The convention features abundant fear-mongering and talk of the need to restore "law and order," much of it with unmistakable racist overtones.

The pent-up frustrations and fears of the people who were attracted to this movement center on an elite who, it is argued, are selling out America. The targets of their extreme loathing are those who reached the top of the American political system who appeared in the Right's worldview to be traitors of one sort or another.

The movement that has seized control of the party and its national convention labels itself "conservative," but it isn't. It seeks not to conserve, but to reverse the changes of the modern world and go back in time to an earlier era in America. It is a revolt against the modern world in most of its manifestations. Its adherents have no tolerance for modern (im)morality, for internationalism, for government social programs or government regulation of the market, for racial or religious diversity, or for an understanding of the world based on modern science. They are staunchly opposed to pluralism. They were, in a word, singularists.
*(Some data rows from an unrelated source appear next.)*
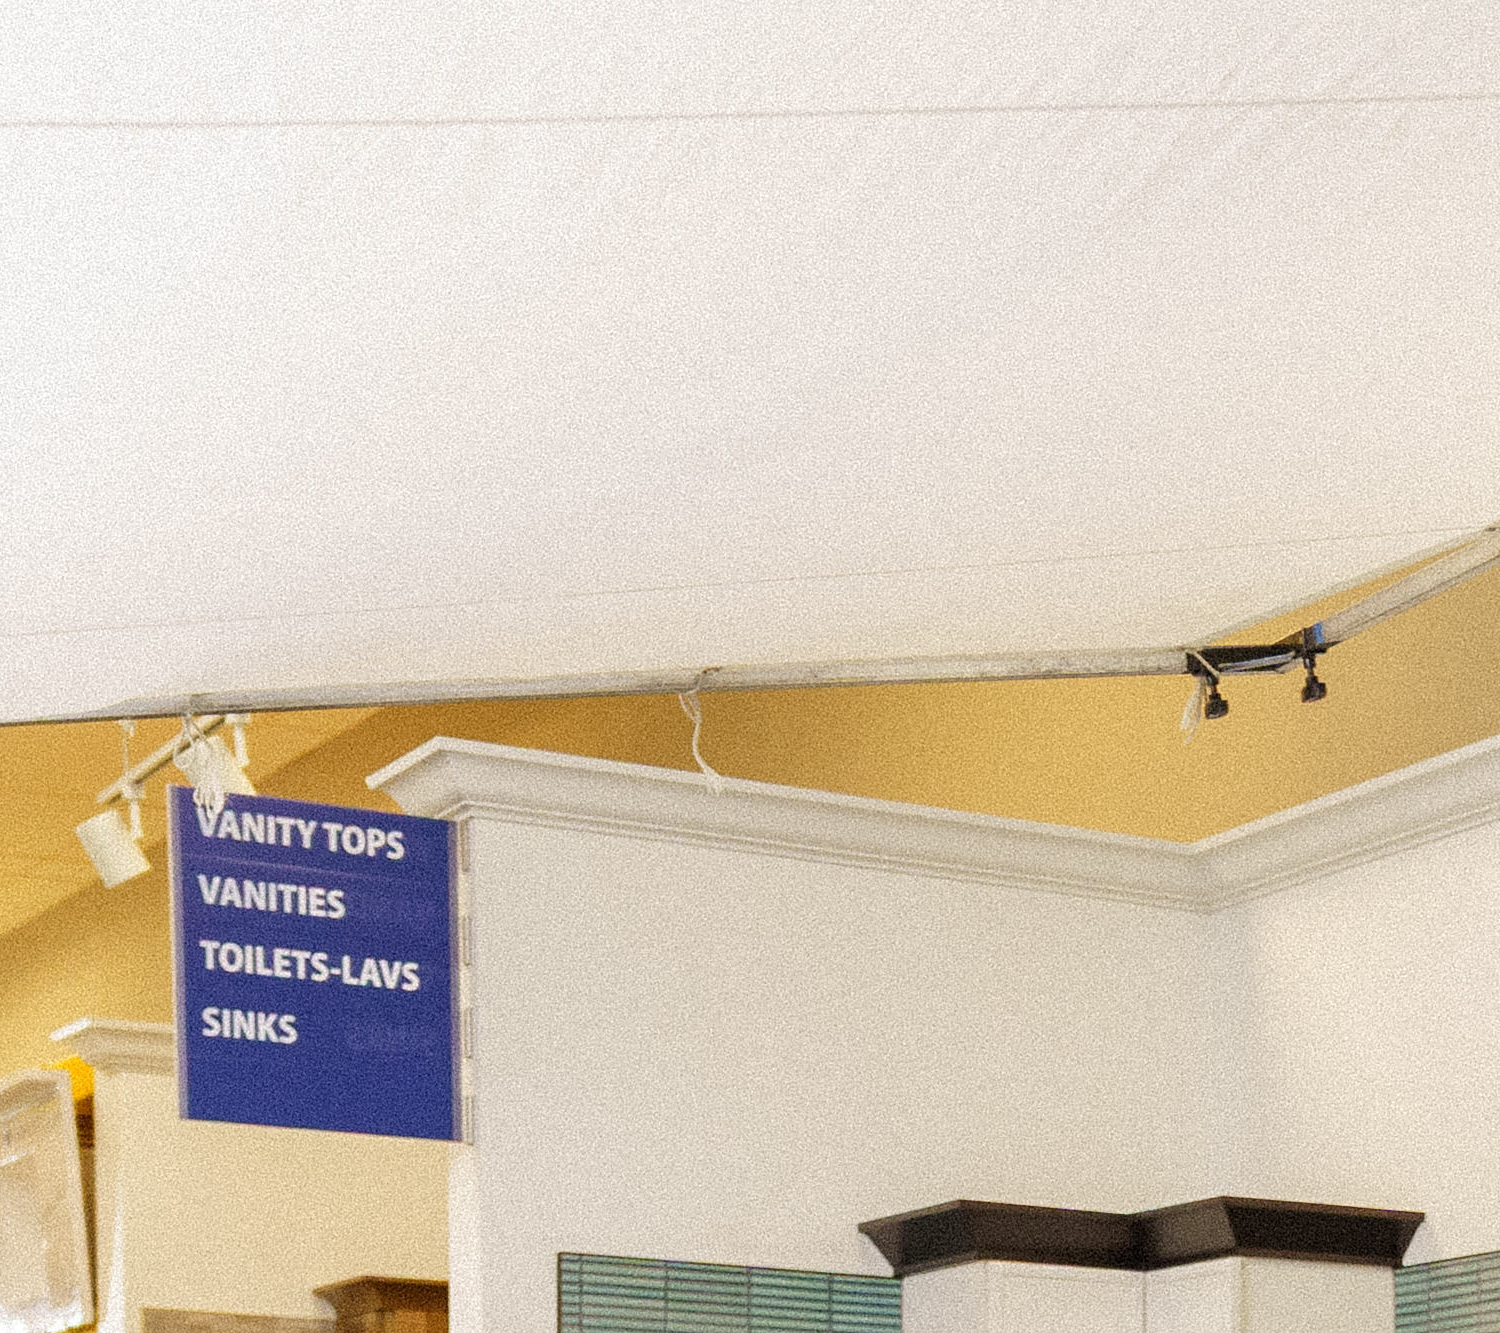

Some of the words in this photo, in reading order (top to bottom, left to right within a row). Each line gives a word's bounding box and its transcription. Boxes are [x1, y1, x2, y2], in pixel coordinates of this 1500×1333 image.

[196, 808, 318, 849] VANITY
[321, 821, 406, 860] TOPS
[197, 874, 347, 920] VANITIES
[198, 939, 421, 992] TOILETS-LAVS
[201, 1006, 299, 1045] SINKS
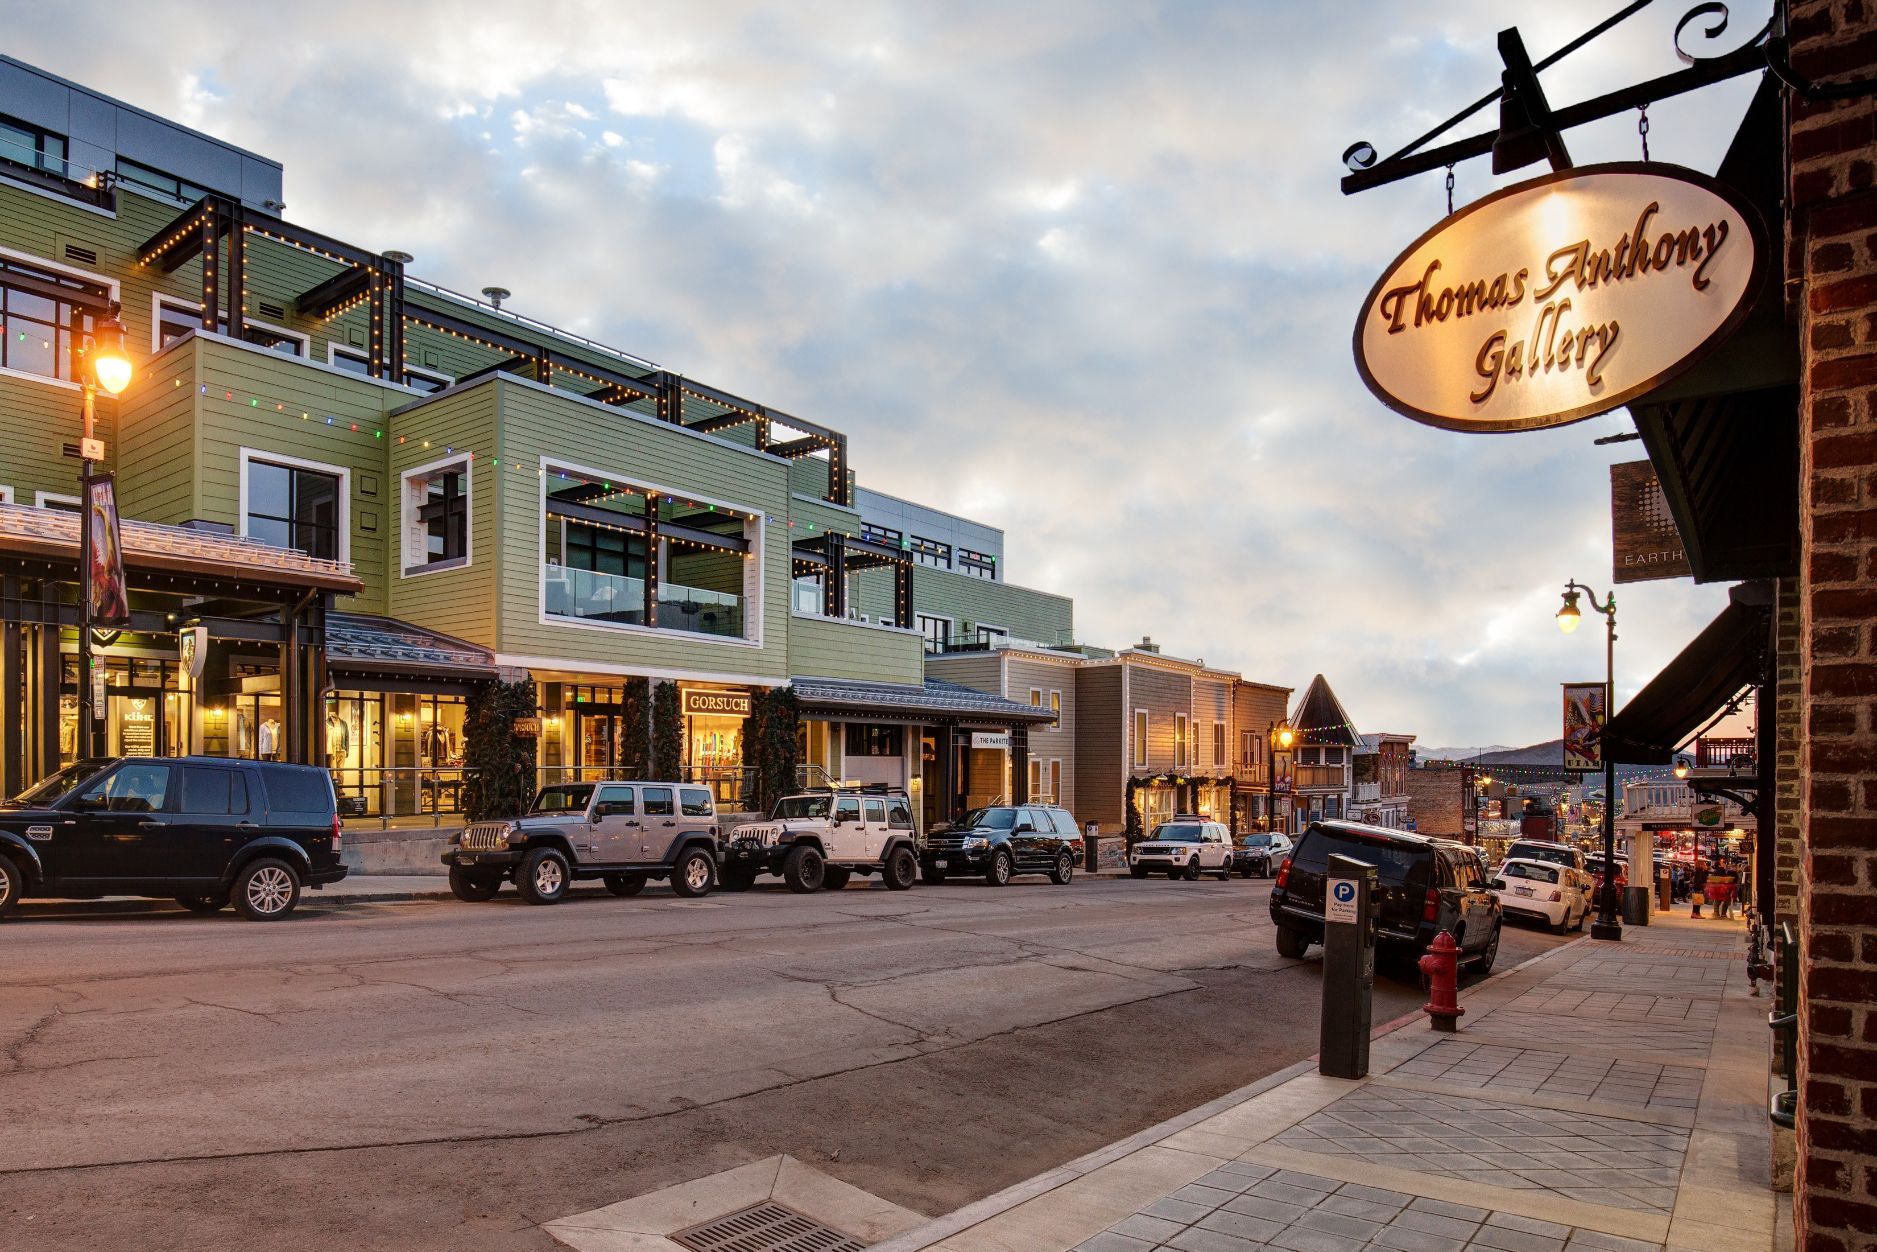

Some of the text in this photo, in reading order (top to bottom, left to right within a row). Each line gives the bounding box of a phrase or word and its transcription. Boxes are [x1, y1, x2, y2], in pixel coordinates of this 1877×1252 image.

[1380, 200, 1730, 335] Thomas Anthony
[1469, 297, 1620, 404] Gallery
[1625, 550, 1683, 566] EARTH
[690, 695, 749, 711] GORSUCH
[990, 737, 1009, 745] PARKITE
[1567, 760, 1600, 768] UTAH
[1339, 885, 1350, 899] P
All of this sounds like a perfect description of the party's 2016 Convention, where Rudy Giuliani went wild screaming about President Obama, people chanted "Lock her up!" in reference to Hillary Clinton, Dr. Ben Carson linked Hillary to Lucifer, a Trump adviser said Hillary should be shot by a firing squad for treason, and on and on ...

In fact, though, it is a summary of the party's 1964 Convention, when an insurgency seized control of the Republican Party, cheered "extremism in defense of liberty," booed Nelson Rockefeller off the stage, and mistreated the miniscule number of black delegates. The quote on now knowing what it felt like to be a Jew in Hitler's Germany is from Jackie Robinson. He had integrated the national pastime; now he was witnessing the dis-integration of his national party, whose support for members of his race had quite suddenly become something of a past time.

The quotation about a convention of hangmen is Norman Mailer writing about the 1964 Republican Convention in the November 1964 issue of Esquire.

Fifty-two years ago, the Republican Party made a pact with the devil by adopting a "Southern Strategy" appealing to racists, xenophobes and religious bigots. This week the devil came to Cleveland to collect his due.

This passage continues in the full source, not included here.